Film «Ascension»

Am Human Rights Film Festival zeigt Public Eye gemeinsam mit Solidar Suisse den Film «Ascension» über Arbeitsrechte in China

Die Plastikfrau schaut in die Kamera, die Pupillen starr, der Mund aufgerissen – wie ein stummer Schrei wirkt dieses Bild. Dann vervollständigt eine chinesische Arbeiterin mit versierten Handgriffen ihr Werk: Sie bemalt die Lippen, färbt die Augen grün, leimt die Vagina – alles nach westlichem Vorbild auf dem Handydisplay. Es entsteht eine Sexpuppe für den globalen Markt – eine von vielen denkwürdigen Szenen in dieser künstlerisch ambitionierten Dokumentation. In einem grössenwahnsinnigen Wasserpark vergnügen sich Menschenmassen, Soldat*innen üben perfekt choreografierte Paraden. Die Bilder bleiben unkommentiert und hinterlassen ein Gefühl, dass das Individuum wenig zählt. Schnitt, Sounddesign und Bildsprache fügen sich zu einer beeindruckenden Collage chinesischer Produktionsketten und Alltagsszenen: Sie zeigen die Menschen ganz unten, die für 2.99 Dollar pro Stunde schuften, sowie die Manager*innen ganz oben, die dank weltweitem Konsumwahn zu Milliardär*innen geworden sind.

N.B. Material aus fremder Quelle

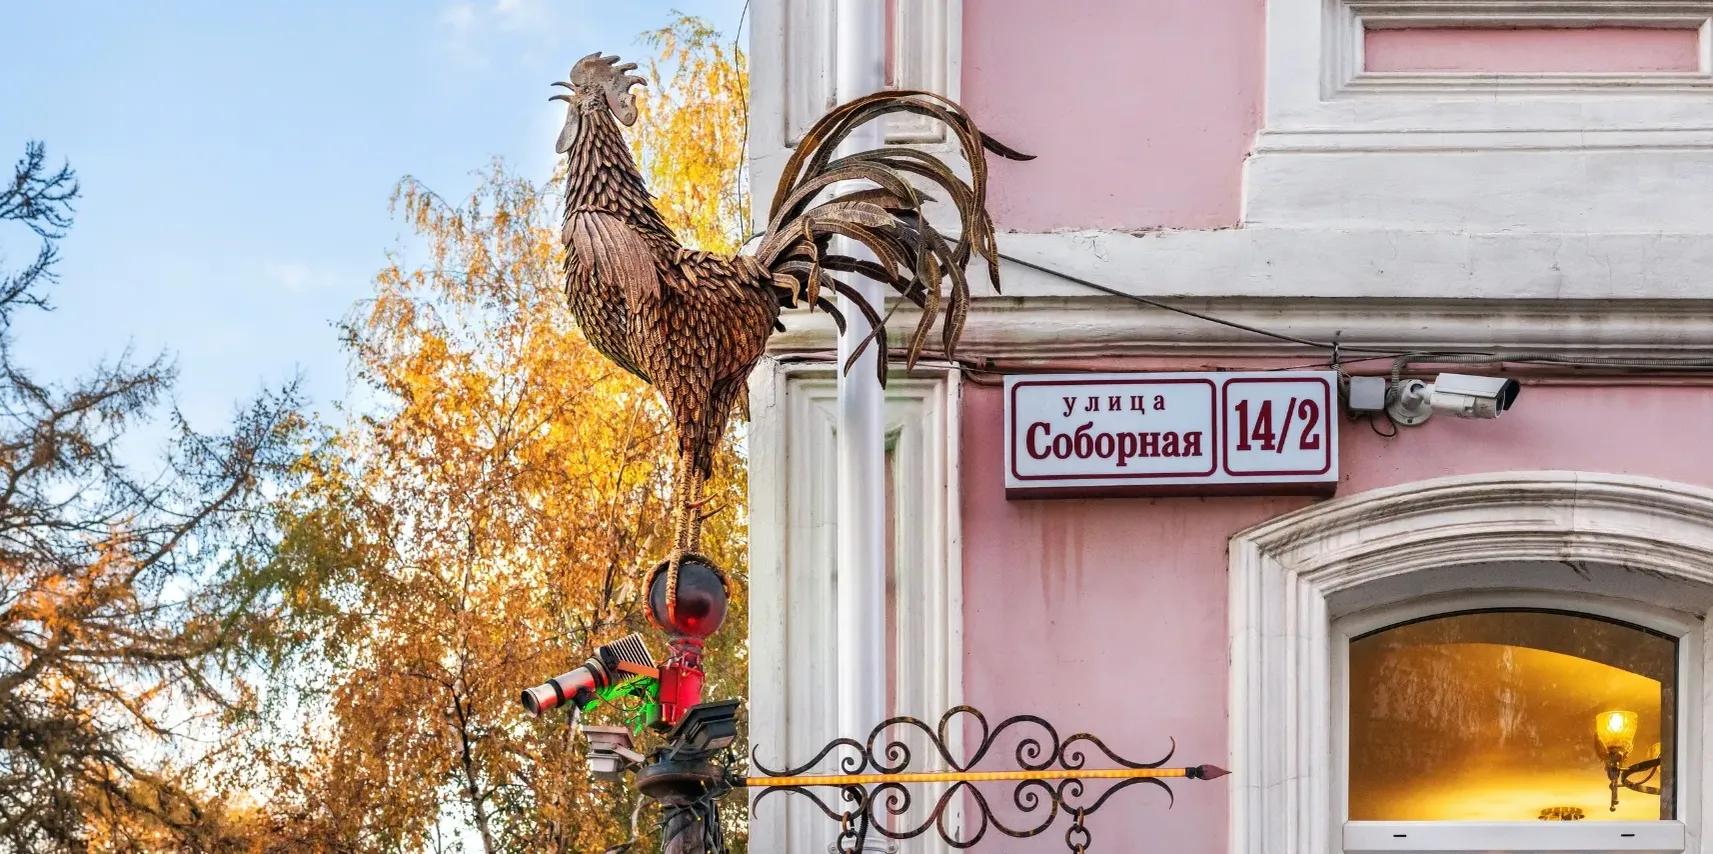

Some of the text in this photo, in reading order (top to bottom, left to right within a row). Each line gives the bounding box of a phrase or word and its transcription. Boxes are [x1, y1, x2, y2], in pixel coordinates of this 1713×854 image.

Podium: «Fortschritt» auf Kosten von Arbeits- und Menschenrechten

Nirgendwo werden die Folgen unserer Fortschrittsgläubigkeit und den damit verbundenen Problemen deutlicher als in China, wo Produktivität und Massenkonsum über allem stehen. Bernhard Herold (ehem. Programmverantwortlicher Asien, Solidar) und Thomas Braunschweig (Experte Handelspolitik, Public Eye) diskutieren, wie sich unser Konsumverhalten und weltweite Lieferketten auf das Klima und soziale Ungleichheiten auswirken und warum die Verantwortung für würdige Arbeitsbedingungen auch in China bei uns allen liegt.